In order to compare the liver-specific gene expression profiles between liver tissue and plasma cf-mRNA, we conducted a correlation analysis of the TPM levels of liver-specific transcripts in the plasma and tissue at 8-hour post-LPS treatment. This time point was chosen for the analysis due to the highest number of liver-specific transcripts were detected in plasma cf-mRNA. We identified a significant linear correlation between the expression levels of liver-specific transcripts in cf-mRNA and that of liver tissue (Pearson's correlation: r = 0.78 and p < 0.0001) (Figure 5c), indicating that the transcriptional dysregulation of liver-specific transcripts in the liver appear to be reflected in the cf-mRNA profile. Furthermore, we examined relative fold-change of the individual liver-specific transcripts between the untreated time point and time points 4 and 8 hours post-LPS stimulation and evaluated the corresponding abundance of individual transcripts between liver tissue and plasma as a fold-change. As expected, the liver-specific transcripts with higher fold-change in the liver had correspondingly higher fold-change in the plasma (Figure 5d). Accordingly, there was a linear correlation between the fold-changes calculated from liver tissue and plasma (Pearson's correlation, r = 0.82, p < 0.001, Supplementary Figure 10). Taken together, these data suggest that liver-specific transcripts in the plasma compartment could be used to evaluate the molecular response in the liver to a therapeutic agent.

Discussion

Inflammatory and immune responses are complex biological responses involving dynamic modulation of a large set of genes and pathways of the innate and adaptive immune systems. In the present study, we performed RNA-Seq of cf-mRNA to characterize LPS-induced systemic and organ-specific inflammatory responses using a mouse model. We demonstrated that cf-mRNA RNA-sequencing is able to provide comprehensive temporal insights of LPS-induced systemic and organ-specific inflammation as well as the modulatory effects of a JAK inhibitor. Furthermore, the comparison between different blood fractions resulted in the identification of transcripts that are enriched in plasma, but not in peripheral blood cells and many of these transcripts appear to be dysregulated by LPS-stimulation. Finally, we discovered several unique liver-specific transcripts in cf-mRNA that reflected molecular alterations in the liver.
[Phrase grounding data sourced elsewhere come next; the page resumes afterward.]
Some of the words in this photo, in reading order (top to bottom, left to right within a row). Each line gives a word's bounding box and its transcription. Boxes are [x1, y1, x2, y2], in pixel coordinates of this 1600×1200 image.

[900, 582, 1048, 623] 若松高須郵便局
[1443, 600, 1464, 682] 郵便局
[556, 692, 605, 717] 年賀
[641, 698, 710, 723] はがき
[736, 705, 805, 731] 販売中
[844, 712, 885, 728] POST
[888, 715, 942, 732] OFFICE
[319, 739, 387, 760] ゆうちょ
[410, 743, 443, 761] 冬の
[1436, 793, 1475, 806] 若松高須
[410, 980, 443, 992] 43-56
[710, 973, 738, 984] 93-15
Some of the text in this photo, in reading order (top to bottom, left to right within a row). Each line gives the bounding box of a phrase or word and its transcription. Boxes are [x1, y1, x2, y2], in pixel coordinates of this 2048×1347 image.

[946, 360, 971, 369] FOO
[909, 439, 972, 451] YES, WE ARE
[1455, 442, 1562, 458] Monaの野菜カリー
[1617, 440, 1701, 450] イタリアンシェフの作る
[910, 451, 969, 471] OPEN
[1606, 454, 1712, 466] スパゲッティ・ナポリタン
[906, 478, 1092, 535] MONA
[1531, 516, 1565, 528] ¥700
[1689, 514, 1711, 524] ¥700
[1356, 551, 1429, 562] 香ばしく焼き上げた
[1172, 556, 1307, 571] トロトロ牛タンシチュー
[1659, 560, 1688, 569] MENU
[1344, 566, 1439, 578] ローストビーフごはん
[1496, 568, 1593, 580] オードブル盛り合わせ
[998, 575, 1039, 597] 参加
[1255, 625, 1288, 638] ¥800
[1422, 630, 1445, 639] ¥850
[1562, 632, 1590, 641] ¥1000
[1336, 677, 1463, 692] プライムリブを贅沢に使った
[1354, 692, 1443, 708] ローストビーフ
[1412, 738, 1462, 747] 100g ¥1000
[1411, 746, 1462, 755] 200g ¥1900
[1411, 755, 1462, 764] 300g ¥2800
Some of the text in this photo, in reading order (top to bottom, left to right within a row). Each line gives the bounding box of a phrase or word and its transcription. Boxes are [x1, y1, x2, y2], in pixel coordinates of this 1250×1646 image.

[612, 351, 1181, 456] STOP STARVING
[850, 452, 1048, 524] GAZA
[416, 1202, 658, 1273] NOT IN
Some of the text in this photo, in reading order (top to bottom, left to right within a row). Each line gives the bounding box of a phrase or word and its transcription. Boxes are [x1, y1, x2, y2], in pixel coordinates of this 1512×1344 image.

In the present study, LPS stimulation was used to evaluate the inflammatory response associated molecular dysregulation in cf-mRNA. We specifically chose LPS stimulation in a mouse model since molecular characteristics of LPS stimulation have been extensively studied and well-characterized in multiple organs.11, 12, 13 While there are existing blood-based tests to evaluate the inflammatory response such as C-Reactive Protein (CRP) and cytokine panels,41,42 a small number of proteins in the circulation is not sufficient to comprehensively assess a complex dynamic process which involves modulation of multiple signalling pathways in systemic and solid organ compartments. Although there are proteomics techniques including mass spectrometry and aptamer-based multiplexing platforms that allow simultaneous quantification of a limited number of proteins in the circulation,43,44 cf-mRNA profiling using RNA-sequencing technology offers an alternative and likely complementary approach to robustly quantify gene expression alterations of the entire transcriptome in a hypothesis-independent digital manner.17,20 The opportunity to discern allelic imbalance and splice variant isoforms because of the sequencing detection strategy casts an even broader net for discovery. Furthermore, we evaluated whether cf-mRNA sequencing can be used to assess the efficacy and target engagement of therapeutic agents using this in vivo model. Accordingly, we examined the effects of LPS stimulation as well as anti-inflammatory effects of a JAK inhibitor to suppress LPS-induced inflammation. Our data showed that a JAK inhibitor substantially suppressed inflammation associated cf-mRNA transcripts that were upregulated by LPS-stimulation. Our study is consistent with and extends the findings of a recent study where inflammatory response was suppressed by a JAK inhibitor in the hepatocyte following LPS stimulation.45 Our approach of simultaneous monitoring of a broad swath of transcripts in the circulation is ideally positioned to study the impact of drugs and drug combinations that target multiple genes or pathways for complex diseases. Collectively, our data demonstrated that the dysregulation of cf-mRNA in the plasma reflected the efficacy of the immune modulating drugs that are administered to the animals.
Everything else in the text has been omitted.